* _Exercise data_:
========================

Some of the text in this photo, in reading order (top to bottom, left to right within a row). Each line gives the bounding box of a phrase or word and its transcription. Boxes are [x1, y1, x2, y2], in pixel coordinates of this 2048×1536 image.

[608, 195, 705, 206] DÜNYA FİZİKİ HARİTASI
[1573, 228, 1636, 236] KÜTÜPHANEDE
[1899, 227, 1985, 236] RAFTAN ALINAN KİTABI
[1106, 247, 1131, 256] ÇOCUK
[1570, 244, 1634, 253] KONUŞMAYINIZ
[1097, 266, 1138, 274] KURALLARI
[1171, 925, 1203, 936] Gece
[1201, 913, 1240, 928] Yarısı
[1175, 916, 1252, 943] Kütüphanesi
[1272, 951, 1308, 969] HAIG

========================

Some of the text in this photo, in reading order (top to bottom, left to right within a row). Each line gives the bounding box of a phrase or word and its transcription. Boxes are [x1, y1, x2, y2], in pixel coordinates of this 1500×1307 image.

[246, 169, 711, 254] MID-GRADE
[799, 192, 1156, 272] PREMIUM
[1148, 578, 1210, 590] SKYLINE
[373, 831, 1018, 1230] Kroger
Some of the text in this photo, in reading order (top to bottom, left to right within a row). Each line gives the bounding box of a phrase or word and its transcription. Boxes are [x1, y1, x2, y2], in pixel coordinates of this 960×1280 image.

========================

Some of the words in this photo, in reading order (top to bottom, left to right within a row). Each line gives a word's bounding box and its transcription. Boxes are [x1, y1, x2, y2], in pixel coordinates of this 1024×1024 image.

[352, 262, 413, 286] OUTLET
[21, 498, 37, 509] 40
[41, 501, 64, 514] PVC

========================

In the listing above, find the line with "this 1500×1307 image." and the line with "this 960×1280 image.", then reproduce both and every line between them exactly.

* _Written answer_:
Some of the text in this photo, in reading order (top to bottom, left to right within a row). Each line gives the bounding box of a phrase or word and its transcription. Boxes are [x1, y1, x2, y2], in pixel coordinates of this 1500×1307 image.

[246, 169, 711, 254] MID-GRADE
[799, 192, 1156, 272] PREMIUM
[1148, 578, 1210, 590] SKYLINE
[373, 831, 1018, 1230] Kroger
Some of the text in this photo, in reading order (top to bottom, left to right within a row). Each line gives the bounding box of a phrase or word and its transcription. Boxes are [x1, y1, x2, y2], in pixel coordinates of this 960×1280 image.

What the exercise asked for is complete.